YOUR OBJECTIVE:
Every line of the data should be output word for word.

DATA LISTING:
|---|
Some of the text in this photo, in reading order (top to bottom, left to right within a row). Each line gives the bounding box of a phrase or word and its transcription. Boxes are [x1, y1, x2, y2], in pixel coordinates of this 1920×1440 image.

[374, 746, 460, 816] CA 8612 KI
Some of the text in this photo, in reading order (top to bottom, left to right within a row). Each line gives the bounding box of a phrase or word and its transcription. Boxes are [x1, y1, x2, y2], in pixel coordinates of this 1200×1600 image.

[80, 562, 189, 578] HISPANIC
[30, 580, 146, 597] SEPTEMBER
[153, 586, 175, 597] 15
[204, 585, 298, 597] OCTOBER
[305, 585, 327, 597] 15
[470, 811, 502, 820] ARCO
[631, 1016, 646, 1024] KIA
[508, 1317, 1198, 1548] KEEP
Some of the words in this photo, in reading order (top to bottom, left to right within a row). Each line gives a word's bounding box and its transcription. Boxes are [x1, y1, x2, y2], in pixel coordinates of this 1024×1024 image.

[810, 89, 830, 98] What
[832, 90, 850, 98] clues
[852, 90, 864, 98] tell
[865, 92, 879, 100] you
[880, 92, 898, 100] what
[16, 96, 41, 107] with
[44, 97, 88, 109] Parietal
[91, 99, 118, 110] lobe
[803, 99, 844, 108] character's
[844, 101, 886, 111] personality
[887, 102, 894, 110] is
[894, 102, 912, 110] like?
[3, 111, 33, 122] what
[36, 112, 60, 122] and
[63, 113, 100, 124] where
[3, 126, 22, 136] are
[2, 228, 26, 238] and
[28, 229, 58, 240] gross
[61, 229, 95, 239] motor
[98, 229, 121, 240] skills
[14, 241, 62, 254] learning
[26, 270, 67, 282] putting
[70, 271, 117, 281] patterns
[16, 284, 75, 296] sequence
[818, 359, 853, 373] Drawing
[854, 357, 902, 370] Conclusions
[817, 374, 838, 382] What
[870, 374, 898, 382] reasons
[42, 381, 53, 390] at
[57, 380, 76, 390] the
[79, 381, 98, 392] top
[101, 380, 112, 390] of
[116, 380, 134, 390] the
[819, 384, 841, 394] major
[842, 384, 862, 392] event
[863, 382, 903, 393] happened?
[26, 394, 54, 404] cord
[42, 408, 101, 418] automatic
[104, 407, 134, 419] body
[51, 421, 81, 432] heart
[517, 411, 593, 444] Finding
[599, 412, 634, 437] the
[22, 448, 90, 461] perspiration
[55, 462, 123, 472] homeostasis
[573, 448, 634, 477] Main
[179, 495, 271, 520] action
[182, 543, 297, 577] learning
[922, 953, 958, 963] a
|---|
RESPONSE TO THIS TASK:
Some of the text in this photo, in reading order (top to bottom, left to right within a row). Each line gives the bounding box of a phrase or word and its transcription. Boxes are [x1, y1, x2, y2], in pixel coordinates of this 1920×1440 image.

[374, 746, 460, 816] CA 8612 KI
Some of the text in this photo, in reading order (top to bottom, left to right within a row). Each line gives the bounding box of a phrase or word and its transcription. Boxes are [x1, y1, x2, y2], in pixel coordinates of this 1200×1600 image.

[80, 562, 189, 578] HISPANIC
[30, 580, 146, 597] SEPTEMBER
[153, 586, 175, 597] 15
[204, 585, 298, 597] OCTOBER
[305, 585, 327, 597] 15
[470, 811, 502, 820] ARCO
[631, 1016, 646, 1024] KIA
[508, 1317, 1198, 1548] KEEP
Some of the words in this photo, in reading order (top to bottom, left to right within a row). Each line gives a word's bounding box and its transcription. Boxes are [x1, y1, x2, y2], in pixel coordinates of this 1024×1024 image.

[810, 89, 830, 98] What
[832, 90, 850, 98] clues
[852, 90, 864, 98] tell
[865, 92, 879, 100] you
[880, 92, 898, 100] what
[16, 96, 41, 107] with
[44, 97, 88, 109] Parietal
[91, 99, 118, 110] lobe
[803, 99, 844, 108] character's
[844, 101, 886, 111] personality
[887, 102, 894, 110] is
[894, 102, 912, 110] like?
[3, 111, 33, 122] what
[36, 112, 60, 122] and
[63, 113, 100, 124] where
[3, 126, 22, 136] are
[2, 228, 26, 238] and
[28, 229, 58, 240] gross
[61, 229, 95, 239] motor
[98, 229, 121, 240] skills
[14, 241, 62, 254] learning
[26, 270, 67, 282] putting
[70, 271, 117, 281] patterns
[16, 284, 75, 296] sequence
[818, 359, 853, 373] Drawing
[854, 357, 902, 370] Conclusions
[817, 374, 838, 382] What
[870, 374, 898, 382] reasons
[42, 381, 53, 390] at
[57, 380, 76, 390] the
[79, 381, 98, 392] top
[101, 380, 112, 390] of
[116, 380, 134, 390] the
[819, 384, 841, 394] major
[842, 384, 862, 392] event
[863, 382, 903, 393] happened?
[26, 394, 54, 404] cord
[42, 408, 101, 418] automatic
[104, 407, 134, 419] body
[51, 421, 81, 432] heart
[517, 411, 593, 444] Finding
[599, 412, 634, 437] the
[22, 448, 90, 461] perspiration
[55, 462, 123, 472] homeostasis
[573, 448, 634, 477] Main
[179, 495, 271, 520] action
[182, 543, 297, 577] learning
[922, 953, 958, 963] a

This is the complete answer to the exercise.